Hi all, during this period of lockdown I am taking the opportunity to tidy up some of my folder hierarchy, all from within Lightroom. Today I came across an issue that I have been unable to resolve. I have two folders that I am unable to rename. Right clicking on the folder and changing the name and clicking save results in the following error:






I click the OK button and am returned to the folder hierarchy. The folder name is unchanged. I have come across two folders that exhibit this behaviour. So far, all other folder renames have been successful.

I've restarted Lightroom and Windows to no avail.

Any ideas?


----------



## clee01l (Apr 9, 2020)

Is "Douglas". your user folder?      You can only rename folders that your User owns.   These will be subfolders of your userID folder. System folders   System folders  like "Pictures", "Downloads" etc are controlled by the Operating system and can not (easily) be renamed or moved.  
What is the full path to the folder "Douglas"?


----------



## stevedo (Apr 9, 2020)

Hi Cletus, here's the full path for the folder. I can rename the folder "Fairchild Family" but not the "Douglas one. I cannot rename "Family" but I can rename "Events and Days Out". This is why I couldn't figure it out.

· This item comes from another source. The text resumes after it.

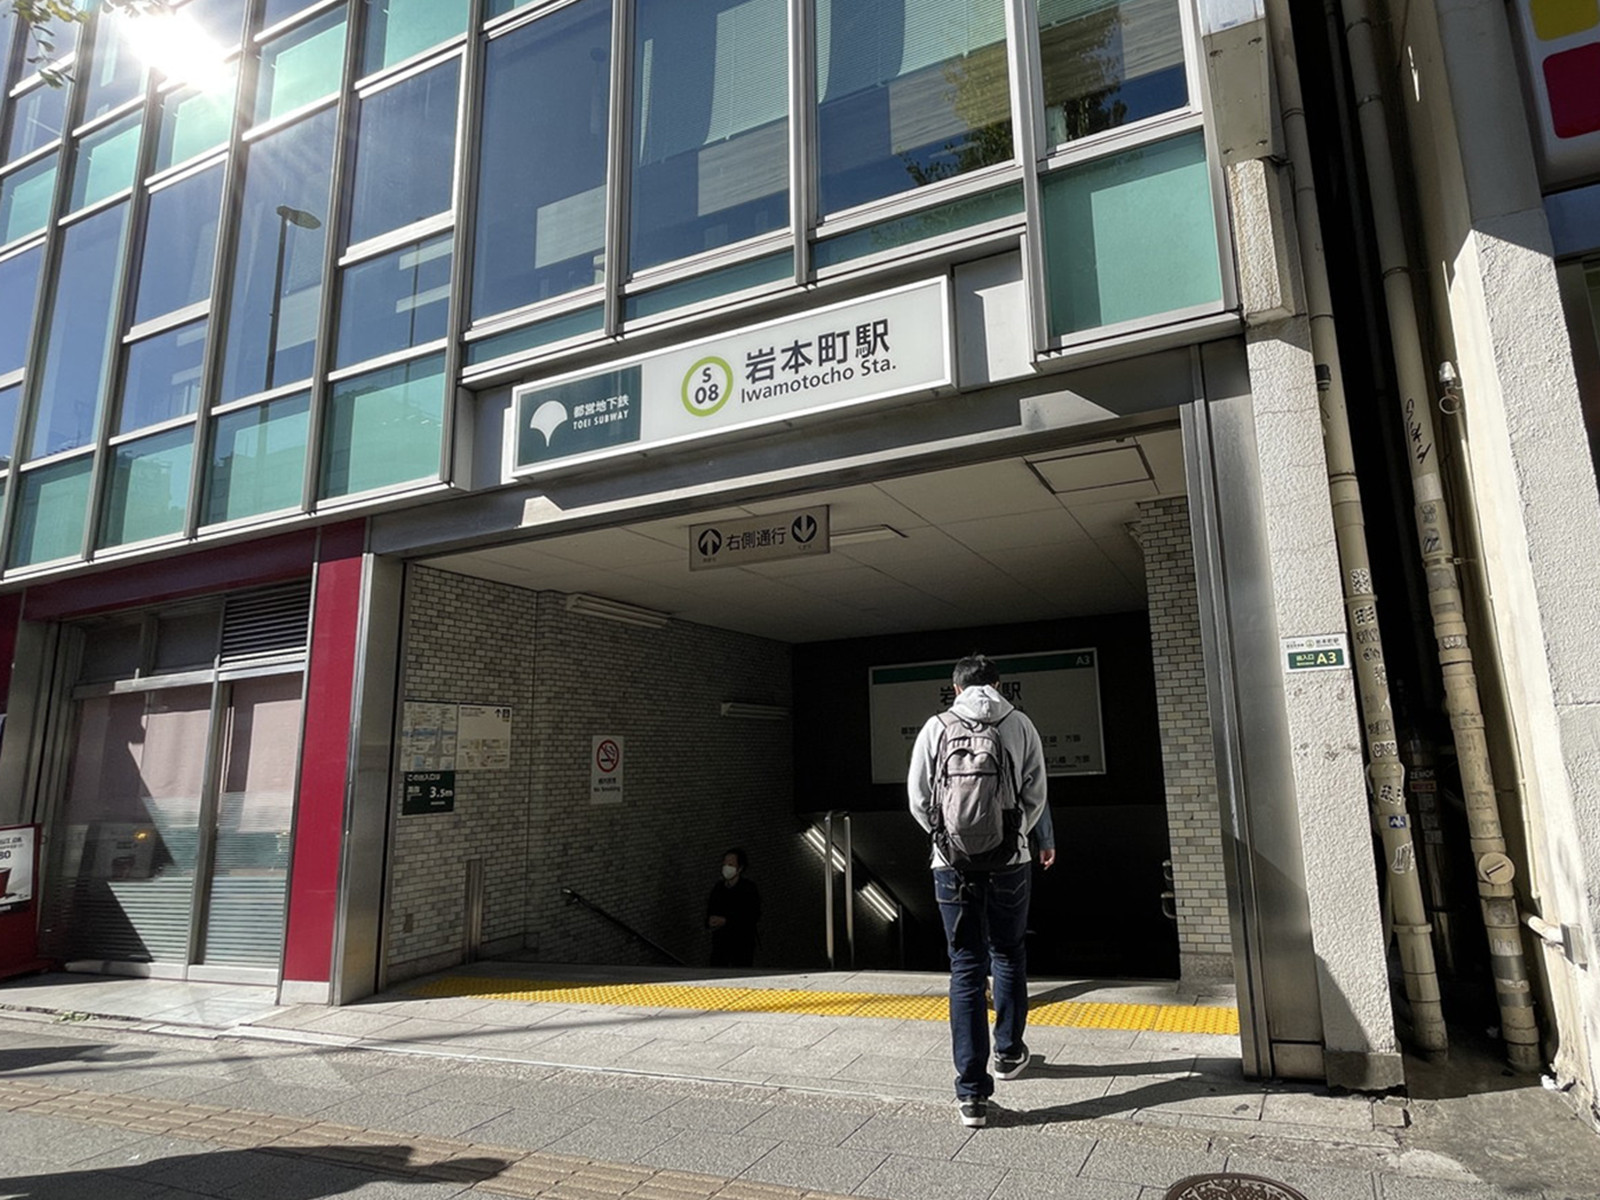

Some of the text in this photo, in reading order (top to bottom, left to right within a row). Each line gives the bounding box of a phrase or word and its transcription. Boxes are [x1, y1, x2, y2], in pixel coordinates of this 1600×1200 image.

Edit: I can change names of subfolders under "Douglas".


----------



## clee01l (Apr 10, 2020)

In Windows Explorer, find the Family folder and see if there is another sub folder already there with the name that you are trying too change to.   This would be a folder not shown in Lightroom because there are no images in it that are cataloged.  If that is not the problem then look at Read/Write permissions for the Douglas folder  Also if you have that folder open in another app. you can't rename it in LR/


----------



## stevedo (Apr 11, 2020)

OK, a follow up from me. Following the mail from Cletus I started to explore the folders in Windows Explorer. All affected folders had the same security set so that wasn't the issue. I then wondered if I could rename one of the affected folders in Windows Explorer. Yes I could. I then renamed the folder b ck to its original name i.e. the one shown in Lightroom. I then proceeded to try and rename the same folder in Lightroom. SUCCESS. A folder that I had been unable to rename even after multiple Lightroom and Windows restarts was now renamed. I tried the same technique with the other folder I was having issues with the same success.

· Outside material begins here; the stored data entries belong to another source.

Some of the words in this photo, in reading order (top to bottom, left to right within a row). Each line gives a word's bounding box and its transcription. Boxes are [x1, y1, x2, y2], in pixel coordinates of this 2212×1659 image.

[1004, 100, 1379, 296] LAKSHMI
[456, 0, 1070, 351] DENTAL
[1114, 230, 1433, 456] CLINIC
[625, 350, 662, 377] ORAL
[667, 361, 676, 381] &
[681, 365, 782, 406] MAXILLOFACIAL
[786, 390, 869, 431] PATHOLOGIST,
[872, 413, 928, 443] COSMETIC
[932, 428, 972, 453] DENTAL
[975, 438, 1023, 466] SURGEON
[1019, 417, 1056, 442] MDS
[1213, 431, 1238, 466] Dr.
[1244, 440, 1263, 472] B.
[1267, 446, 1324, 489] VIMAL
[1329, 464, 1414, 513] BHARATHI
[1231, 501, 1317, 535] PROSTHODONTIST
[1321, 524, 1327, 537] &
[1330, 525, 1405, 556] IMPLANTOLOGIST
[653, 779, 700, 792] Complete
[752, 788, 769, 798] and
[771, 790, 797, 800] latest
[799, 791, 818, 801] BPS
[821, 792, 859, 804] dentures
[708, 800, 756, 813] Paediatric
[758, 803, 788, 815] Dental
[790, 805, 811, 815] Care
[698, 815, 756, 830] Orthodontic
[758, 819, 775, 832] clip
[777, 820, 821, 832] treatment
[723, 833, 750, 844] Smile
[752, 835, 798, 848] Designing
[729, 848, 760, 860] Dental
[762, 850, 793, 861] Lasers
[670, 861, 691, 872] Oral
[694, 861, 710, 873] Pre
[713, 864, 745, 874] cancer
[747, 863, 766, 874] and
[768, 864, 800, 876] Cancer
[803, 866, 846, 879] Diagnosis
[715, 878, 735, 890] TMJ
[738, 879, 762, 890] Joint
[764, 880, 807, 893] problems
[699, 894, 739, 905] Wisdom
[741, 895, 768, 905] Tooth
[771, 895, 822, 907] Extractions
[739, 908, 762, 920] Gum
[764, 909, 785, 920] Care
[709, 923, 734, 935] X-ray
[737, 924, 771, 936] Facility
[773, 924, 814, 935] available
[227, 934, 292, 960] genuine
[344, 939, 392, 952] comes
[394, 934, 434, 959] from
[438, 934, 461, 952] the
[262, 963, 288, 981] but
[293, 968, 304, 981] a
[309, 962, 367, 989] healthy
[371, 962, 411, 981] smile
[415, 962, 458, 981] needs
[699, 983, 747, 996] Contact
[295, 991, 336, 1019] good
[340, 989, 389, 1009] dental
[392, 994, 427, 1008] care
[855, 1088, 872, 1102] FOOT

I have no idea why or how this issue arose or how renaming the folders in Windows Explorer solved the issue?


----------



## Califdan (Apr 11, 2020)

Sometimes an app in Windows will put a lock on a file in a folder and that will prevent anything from tinkering with the folder path to that file while the lock is in place.    Also, some backup programs will place locks on files while they are in the process of being backed up and if you have a folder full of such files the lock at the folder level may last quite awhile.

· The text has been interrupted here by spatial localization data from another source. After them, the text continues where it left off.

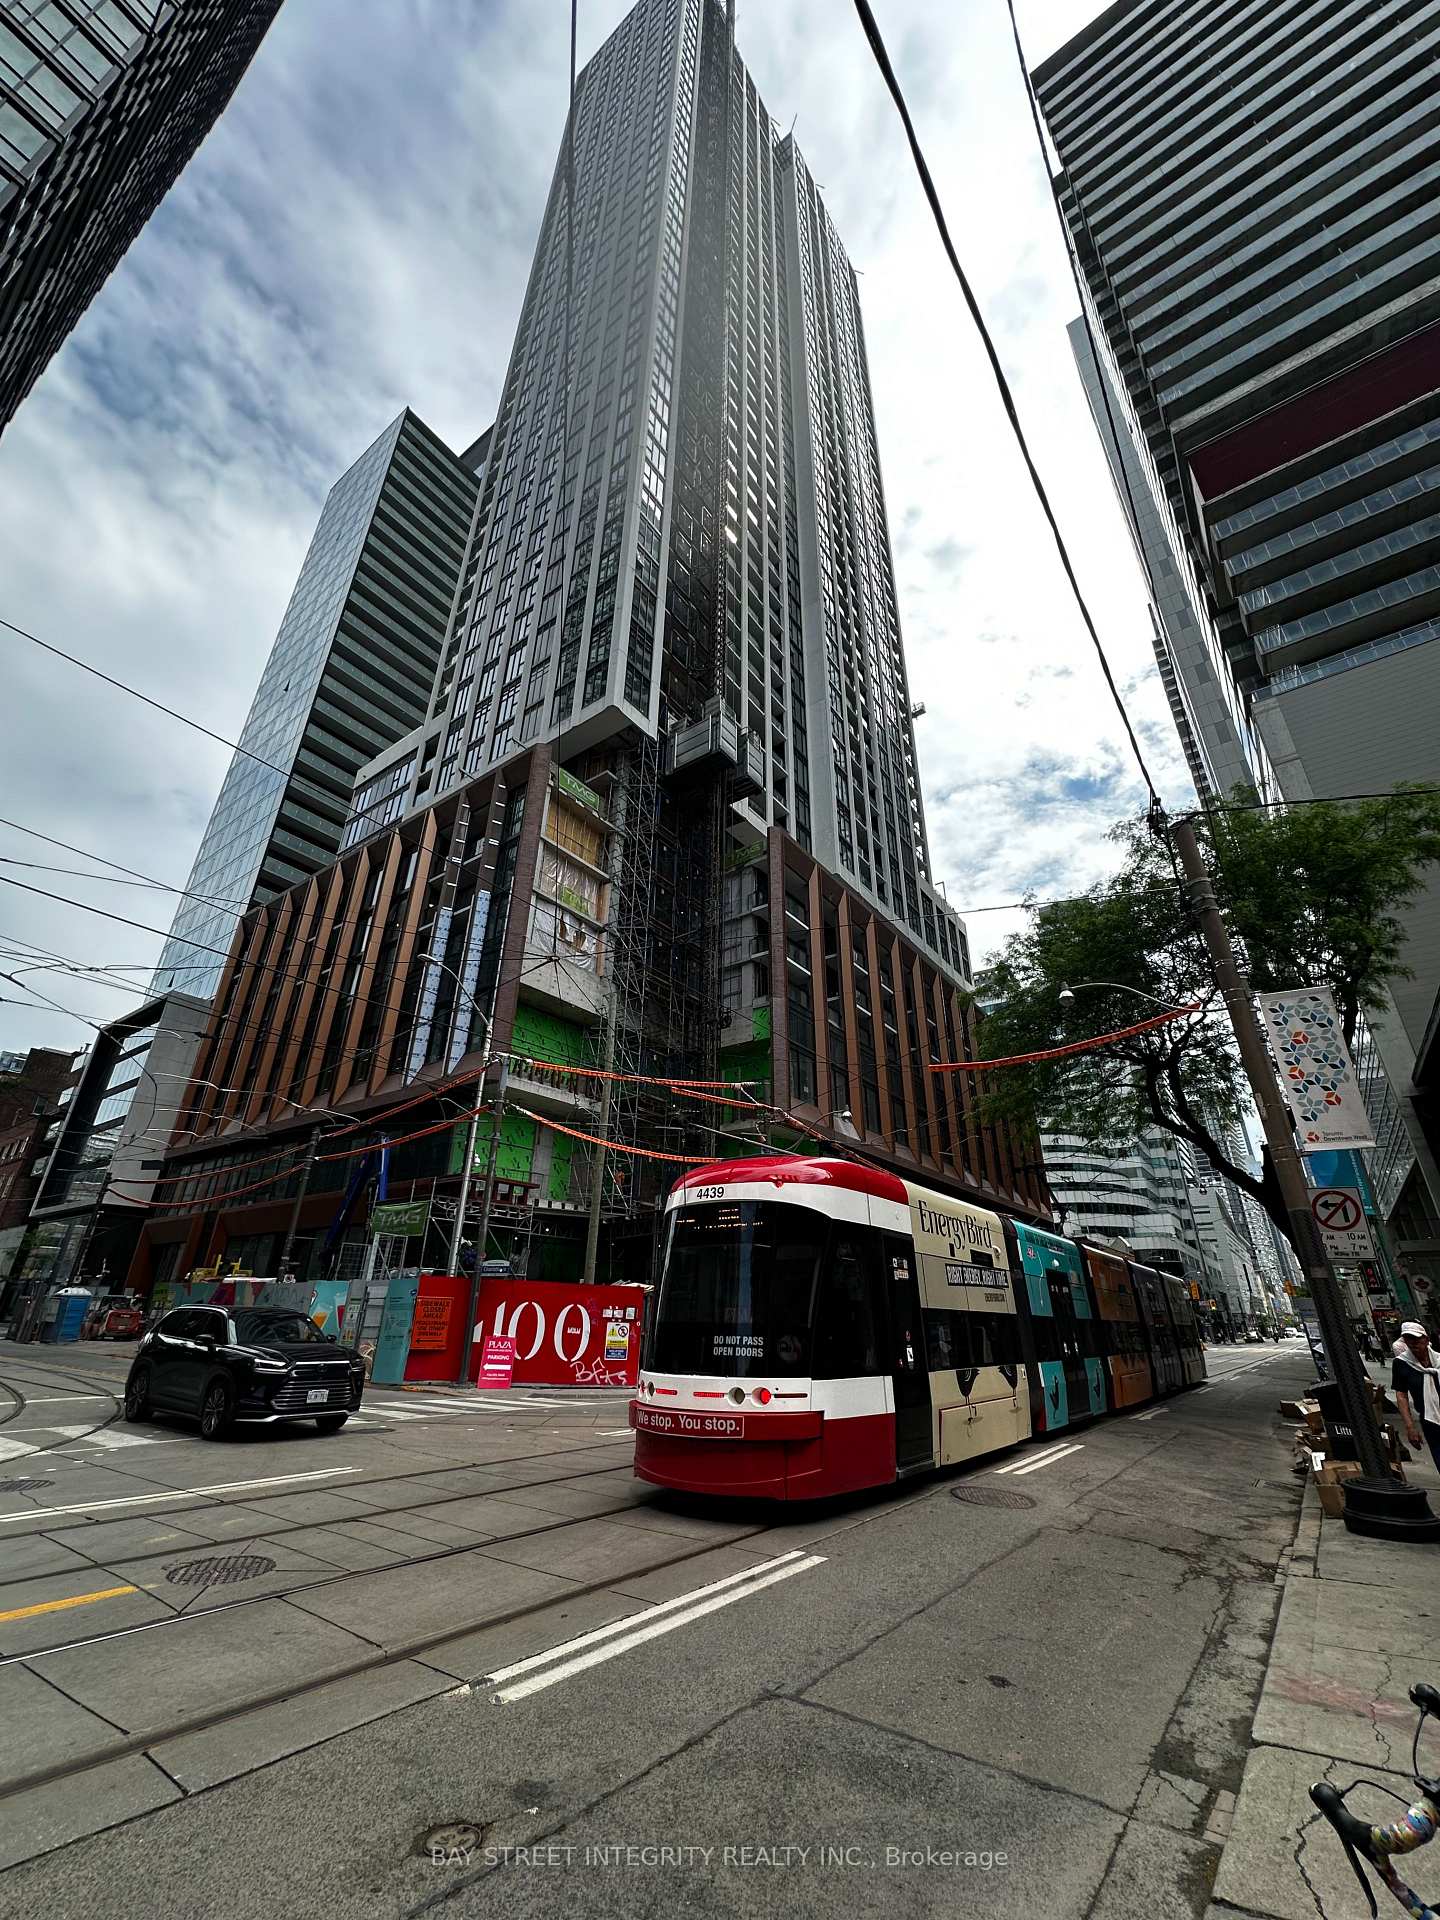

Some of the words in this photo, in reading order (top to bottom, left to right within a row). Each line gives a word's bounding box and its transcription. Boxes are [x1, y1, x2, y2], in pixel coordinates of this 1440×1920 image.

[563, 773, 596, 802] TMG
[696, 1186, 725, 1199] 4439
[378, 1210, 420, 1226] TMG
[918, 1200, 992, 1250] EnergyBird
[1346, 1232, 1356, 1241] 10
[1350, 1243, 1356, 1251] 7
[488, 1340, 512, 1349] PLAZA
[714, 1335, 724, 1344] DO
[725, 1335, 741, 1345] NOT
[742, 1336, 764, 1346] PASS
[713, 1346, 733, 1356] OPEN
[735, 1347, 764, 1358] DOORS
[638, 1410, 649, 1425] We
[650, 1413, 675, 1431] stop.
[678, 1414, 701, 1430] You
[704, 1416, 741, 1434] stop.

In addition , sometimes, those locks don't get released.  For example if the program crashes or is terminated with the Task Manager.  When this happens the only way I know of to get the lock released is to reboot the computer.    Did you happen to perform a reboot or restart  between the time it didn't work and then did work?


----------



## jerboe (Oct 23, 2021)

I also encountered this problem. I tried the previously mentioned suggestions, but nothing seemed to work. I eventually just renamed the folder in Windows, then pointed Lightroom to the "lost" folder (now with the new name).


----------



## PhilBurton (Oct 23, 2021)

Califdan said:


> Sometimes an app in Windows will put a lock on a file in a folder and that will prevent anything from tinkering with the folder path to that file while the lock is in place.    Also, some backup programs will place locks on files while they are in the process of being backed up and if you have a folder full of such files the lock at the folder level may last quite awhile.
> 
> In addition , sometimes, those locks don't get released.  For example if the program crashes or is terminated with the Task Manager.  When this happens the only way I know of to get the lock released is to reboot the computer.    Did you happen to perform a reboot or restart  between the time it didn't work and then did work?


And some Windows programs don't release locks even after they exit.  Rebooting is the only solution I've found.


----------